Grande veglia di preghiera a Roma
A far fede dell’importanza conferita a questa veglia di preghiera organizzata nella basilica di Santa Maria in Trastevere, a pochi minuti dal Vaticano, la presidenza del cardinale Marc Ouellet, prefetto dell’importante Congregazione per i Vescovi. Nella basilica, una delle più antiche di Roma, non sarebbe cascato uno spillo a terra, tanta era la gente accorsa per partecipare. Tutta l’assemblea, composta di cattolici, ortodossi e anglicani, ha pregato con un solo cuore per i martiri cristiani. Canti in tutte le lingue hanno costellato la celebrazione, rendendo omaggio a questi testimoni raccolti dai quattro angoli della terra.
Dopo la lettura di un salmo – «Il mio aiuto viene dal Signore» (Sal 120) – e la proclamazione del Vangelo delle Beatitudini, vero gonfalone dei discepoli di Cristo, i nomi dei cristiani che hanno «offerto la loro vita per il Vangelo» sono stati solennemente sgranati, come in un grande rosario. «Il nostro tempo è quello dell’ecumenismo del sangue», ha dichiarato il cardinale Ouellet nella sua omelia, riprendendo quindi le parole di Papa Francesco.
La nostra epoca – ha proseguito – è puntellata di martiri come non era mai avvenuto prima, nell’abbraccio di tutte le Chiesa.

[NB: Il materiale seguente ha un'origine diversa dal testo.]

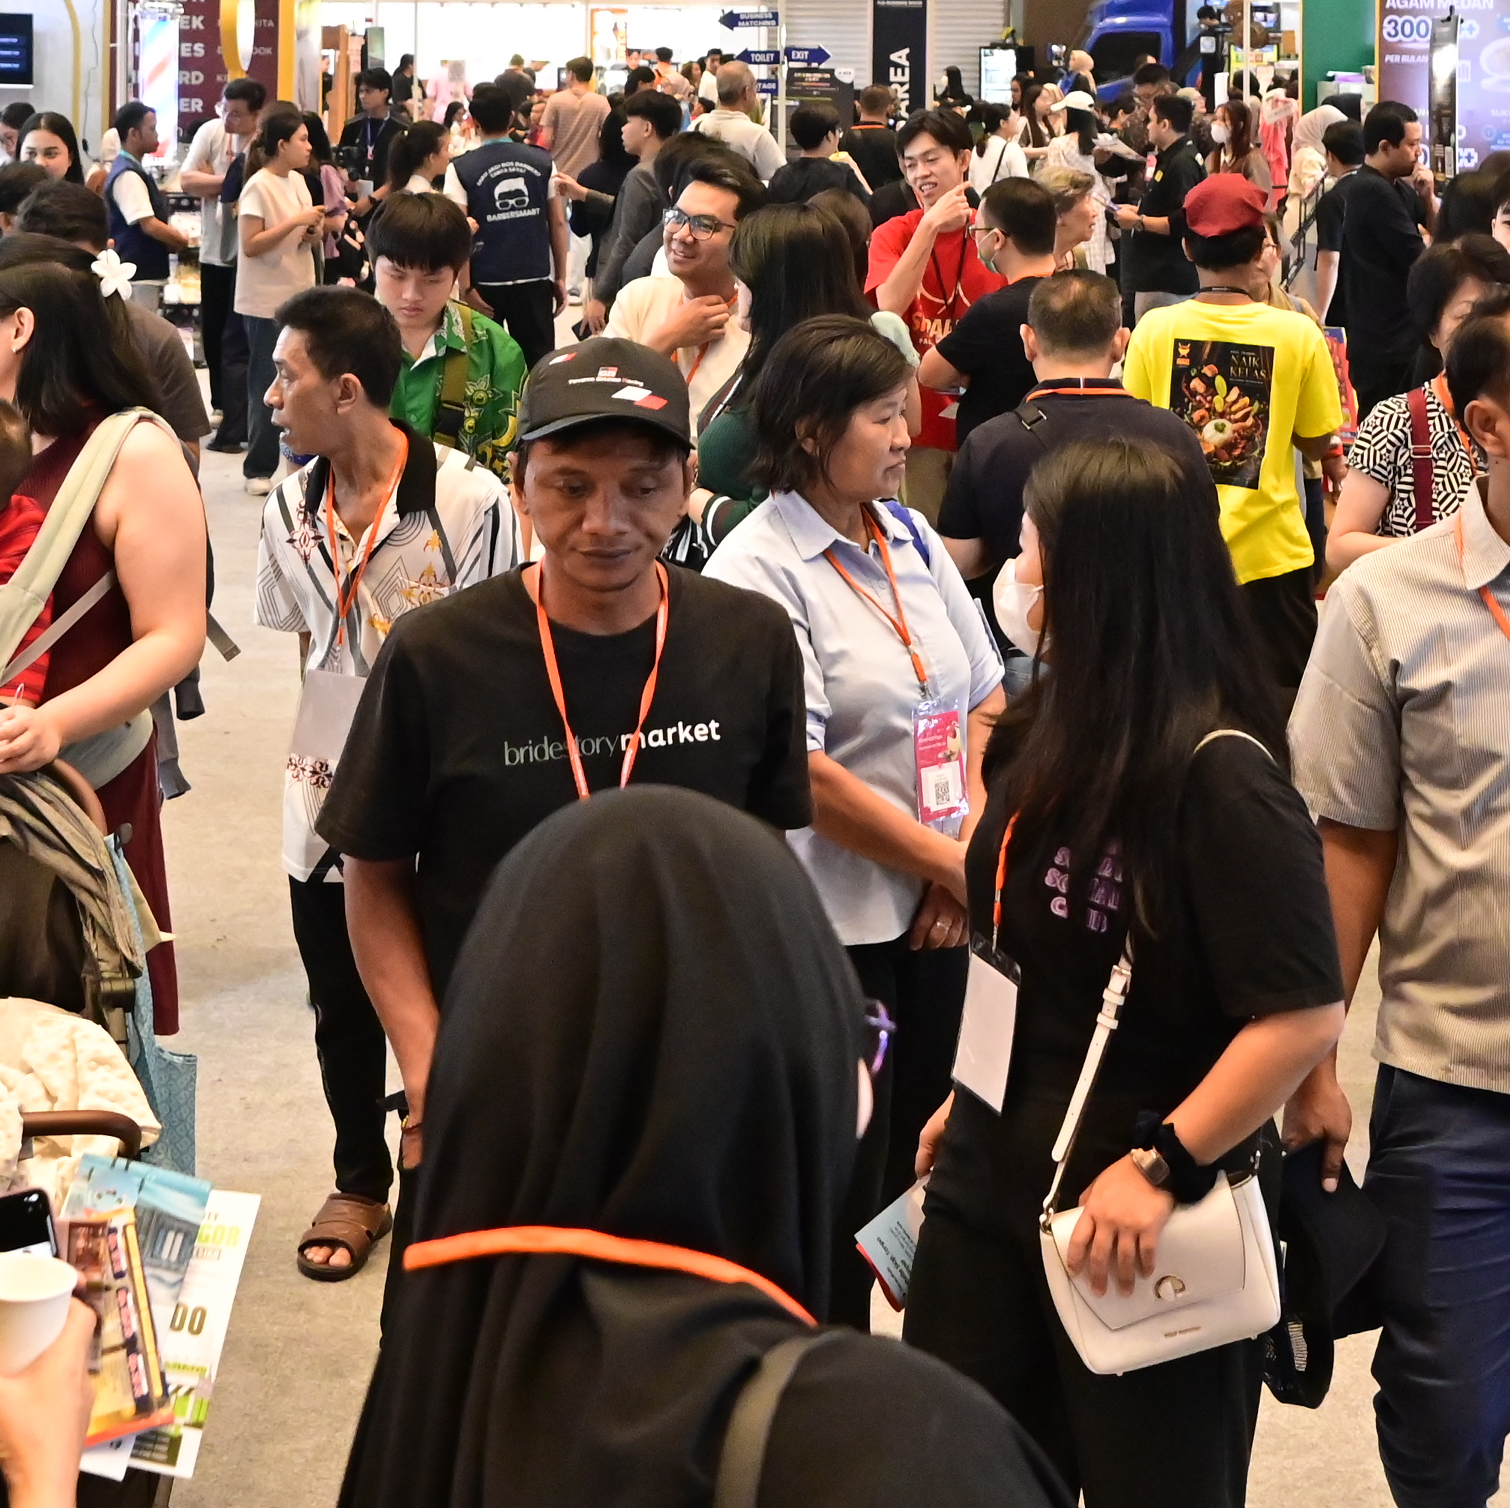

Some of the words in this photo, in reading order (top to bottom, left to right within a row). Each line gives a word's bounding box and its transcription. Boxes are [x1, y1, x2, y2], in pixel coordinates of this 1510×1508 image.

[751, 53, 775, 62] TOILET
[792, 50, 809, 60] EXIT
[756, 81, 777, 90] TAGE
[486, 207, 541, 223] BARBERSMART
[1231, 354, 1261, 368] NAIK
[1230, 366, 1267, 380] KELAS
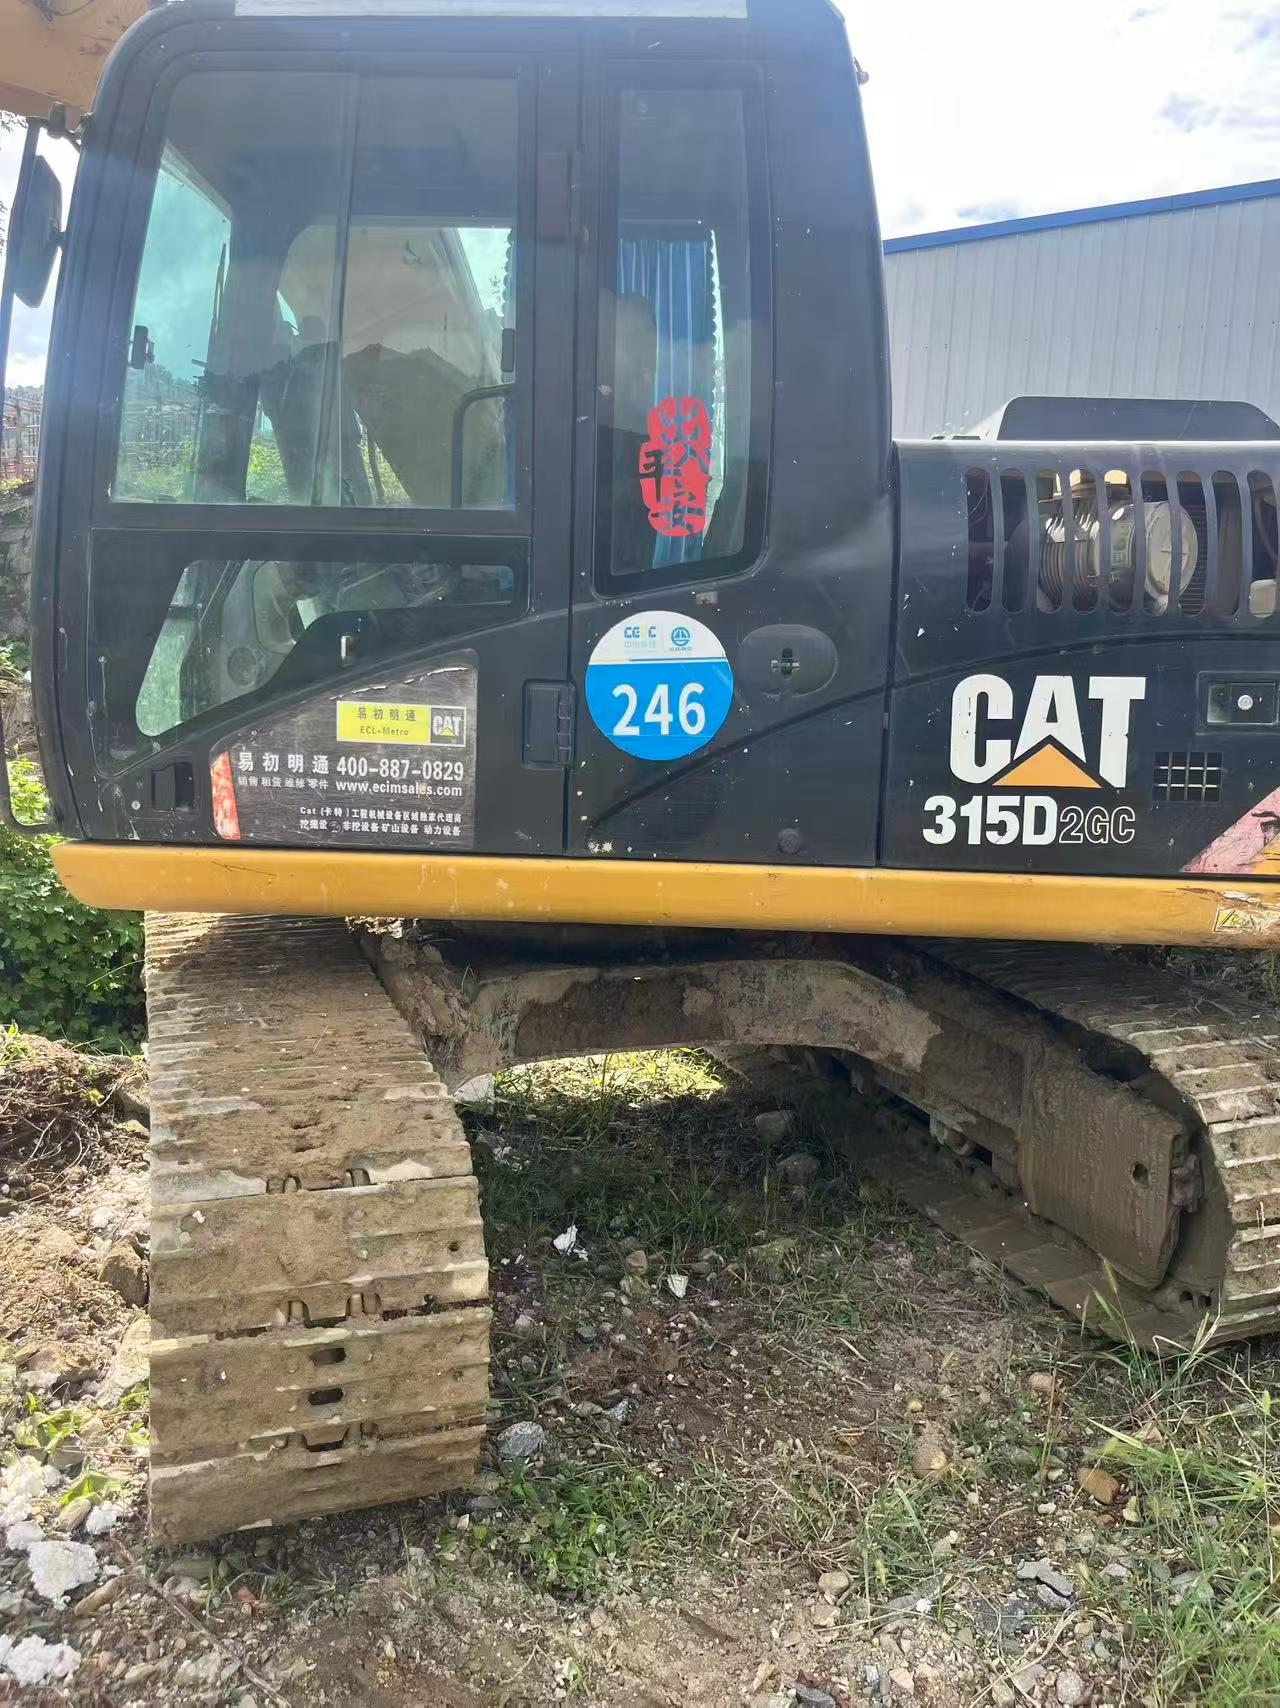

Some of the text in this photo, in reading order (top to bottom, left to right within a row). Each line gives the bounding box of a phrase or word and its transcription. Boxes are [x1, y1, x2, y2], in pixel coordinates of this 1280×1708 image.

Per l’alto prelato, rendere loro omaggio avvicina a Cristo e quindi avvicina i cristiani fra di loro. Si tratta di portare fieramente, e all’unisono, la testimonianza suprema del dono della vita. E il modo più profondo di riconciliare i cristiani di differenti confessioni, ha insistito il cardinale canadese.
Contesti differenti
La lenta litania dei nomi ha riflesso la diversità di tali doni supremi, rischiarati dalla luce del Vangelo. Così alcune religiose hanno speso le loro ultime forze accompagnando dei malati e dei poveri, contraendo a loro volta i loro virus mortali. Dei cristiani sono stati torturati e uccisi per puro odio alla loro fede in Gesù Cristo. Per esempio gli armeni nel 1915, ma anche quelle cinque donne del Daguestan russo nello scorso febbraio. A questi testimoni di ieri e di oggi il cardinale Ouellet non ha mancato di aggiungere le vittime dei conflitti che infuriano nel Burundi e nello Yemen.
Per il prefetto del dicastero, questi cristiani – conosciuti o anonimi – sono portatori di un messaggio di speranza e di fede: «Il loro sangue versato è quello di Cristo che ancora oggi continua a scorrere». È un “dovere di memoria”, ha insistito, il lodare Dio per la grazia della loro testimonianza. E i fedeli devono invocare lo Spirito Santo per trovare la forza «di servire e di amare», seguendo il loro esempio.